## [AIM OF THE EXERCISE]
Reprint the lines below as they are, minus the pictures.

======== RECORDS TO USE

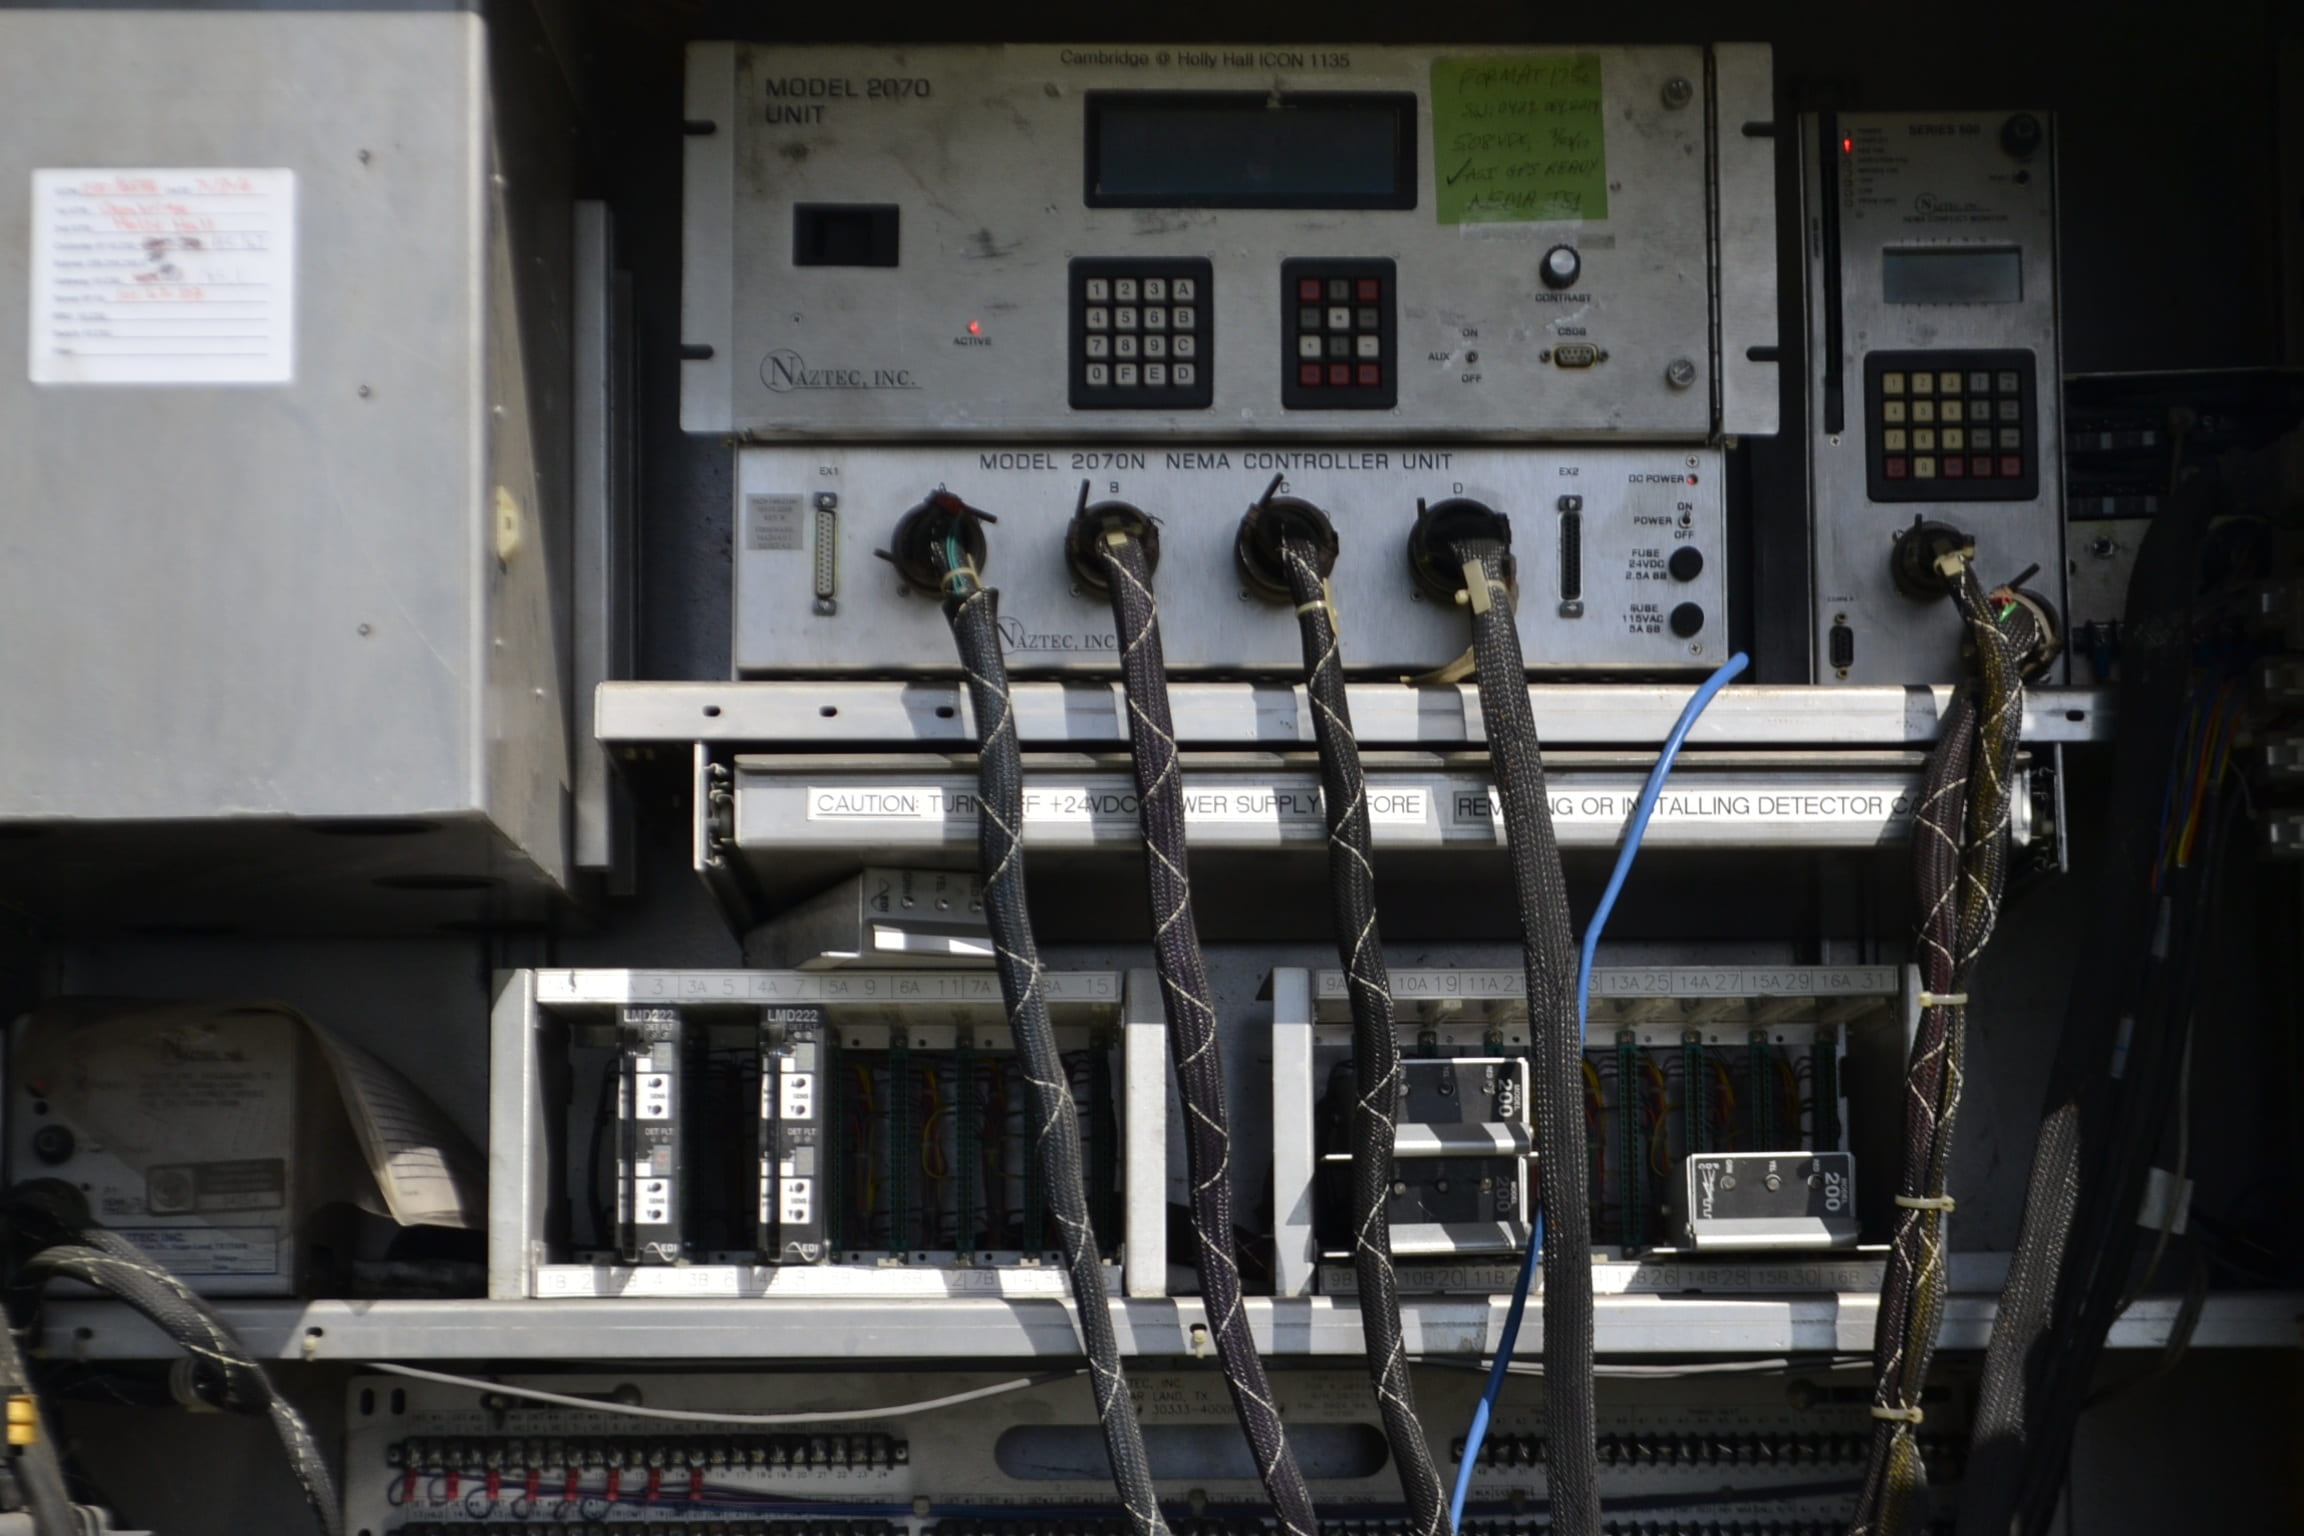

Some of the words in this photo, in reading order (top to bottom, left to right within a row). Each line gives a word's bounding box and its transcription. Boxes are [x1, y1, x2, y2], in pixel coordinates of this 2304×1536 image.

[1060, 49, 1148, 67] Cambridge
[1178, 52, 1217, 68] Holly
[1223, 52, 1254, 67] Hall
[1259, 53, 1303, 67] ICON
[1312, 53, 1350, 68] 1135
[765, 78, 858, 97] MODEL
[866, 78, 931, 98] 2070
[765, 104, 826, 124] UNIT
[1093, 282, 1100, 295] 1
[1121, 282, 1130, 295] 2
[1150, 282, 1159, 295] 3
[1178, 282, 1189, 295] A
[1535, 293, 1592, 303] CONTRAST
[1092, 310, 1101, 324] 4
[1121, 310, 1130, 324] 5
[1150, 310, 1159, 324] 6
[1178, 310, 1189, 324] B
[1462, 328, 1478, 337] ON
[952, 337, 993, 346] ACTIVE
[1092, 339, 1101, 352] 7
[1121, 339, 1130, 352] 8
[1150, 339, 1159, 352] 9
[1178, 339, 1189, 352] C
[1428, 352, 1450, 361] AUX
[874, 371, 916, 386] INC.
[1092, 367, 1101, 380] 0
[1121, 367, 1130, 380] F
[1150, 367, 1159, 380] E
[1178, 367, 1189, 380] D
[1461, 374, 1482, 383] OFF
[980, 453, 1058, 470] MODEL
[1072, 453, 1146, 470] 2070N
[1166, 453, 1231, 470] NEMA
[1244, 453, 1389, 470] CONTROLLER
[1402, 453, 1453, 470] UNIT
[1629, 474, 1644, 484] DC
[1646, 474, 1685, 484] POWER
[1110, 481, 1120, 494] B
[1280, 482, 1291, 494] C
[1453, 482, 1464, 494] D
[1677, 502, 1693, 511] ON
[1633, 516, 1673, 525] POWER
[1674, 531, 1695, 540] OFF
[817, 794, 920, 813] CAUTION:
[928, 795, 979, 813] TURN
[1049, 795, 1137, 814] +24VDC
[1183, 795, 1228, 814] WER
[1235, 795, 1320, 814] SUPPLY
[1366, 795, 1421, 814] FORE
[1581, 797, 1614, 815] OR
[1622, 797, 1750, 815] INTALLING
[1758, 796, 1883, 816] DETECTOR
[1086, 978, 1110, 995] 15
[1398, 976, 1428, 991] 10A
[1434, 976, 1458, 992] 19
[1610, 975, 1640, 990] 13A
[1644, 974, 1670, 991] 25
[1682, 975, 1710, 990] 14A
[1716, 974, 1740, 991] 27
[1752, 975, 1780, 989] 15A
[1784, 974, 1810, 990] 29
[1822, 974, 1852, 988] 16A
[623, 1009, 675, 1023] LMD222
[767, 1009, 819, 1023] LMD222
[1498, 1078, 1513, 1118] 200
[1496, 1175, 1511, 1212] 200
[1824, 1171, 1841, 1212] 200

================

## [OUTPUT OF THE TASK]
Some of the words in this photo, in reading order (top to bottom, left to right within a row). Each line gives a word's bounding box and its transcription. Boxes are [x1, y1, x2, y2], in pixel coordinates of this 2304×1536 image.

[1060, 49, 1148, 67] Cambridge
[1178, 52, 1217, 68] Holly
[1223, 52, 1254, 67] Hall
[1259, 53, 1303, 67] ICON
[1312, 53, 1350, 68] 1135
[765, 78, 858, 97] MODEL
[866, 78, 931, 98] 2070
[765, 104, 826, 124] UNIT
[1093, 282, 1100, 295] 1
[1121, 282, 1130, 295] 2
[1150, 282, 1159, 295] 3
[1178, 282, 1189, 295] A
[1535, 293, 1592, 303] CONTRAST
[1092, 310, 1101, 324] 4
[1121, 310, 1130, 324] 5
[1150, 310, 1159, 324] 6
[1178, 310, 1189, 324] B
[1462, 328, 1478, 337] ON
[952, 337, 993, 346] ACTIVE
[1092, 339, 1101, 352] 7
[1121, 339, 1130, 352] 8
[1150, 339, 1159, 352] 9
[1178, 339, 1189, 352] C
[1428, 352, 1450, 361] AUX
[874, 371, 916, 386] INC.
[1092, 367, 1101, 380] 0
[1121, 367, 1130, 380] F
[1150, 367, 1159, 380] E
[1178, 367, 1189, 380] D
[1461, 374, 1482, 383] OFF
[980, 453, 1058, 470] MODEL
[1072, 453, 1146, 470] 2070N
[1166, 453, 1231, 470] NEMA
[1244, 453, 1389, 470] CONTROLLER
[1402, 453, 1453, 470] UNIT
[1629, 474, 1644, 484] DC
[1646, 474, 1685, 484] POWER
[1110, 481, 1120, 494] B
[1280, 482, 1291, 494] C
[1453, 482, 1464, 494] D
[1677, 502, 1693, 511] ON
[1633, 516, 1673, 525] POWER
[1674, 531, 1695, 540] OFF
[817, 794, 920, 813] CAUTION:
[928, 795, 979, 813] TURN
[1049, 795, 1137, 814] +24VDC
[1183, 795, 1228, 814] WER
[1235, 795, 1320, 814] SUPPLY
[1366, 795, 1421, 814] FORE
[1581, 797, 1614, 815] OR
[1622, 797, 1750, 815] INTALLING
[1758, 796, 1883, 816] DETECTOR
[1086, 978, 1110, 995] 15
[1398, 976, 1428, 991] 10A
[1434, 976, 1458, 992] 19
[1610, 975, 1640, 990] 13A
[1644, 974, 1670, 991] 25
[1682, 975, 1710, 990] 14A
[1716, 974, 1740, 991] 27
[1752, 975, 1780, 989] 15A
[1784, 974, 1810, 990] 29
[1822, 974, 1852, 988] 16A
[623, 1009, 675, 1023] LMD222
[767, 1009, 819, 1023] LMD222
[1498, 1078, 1513, 1118] 200
[1496, 1175, 1511, 1212] 200
[1824, 1171, 1841, 1212] 200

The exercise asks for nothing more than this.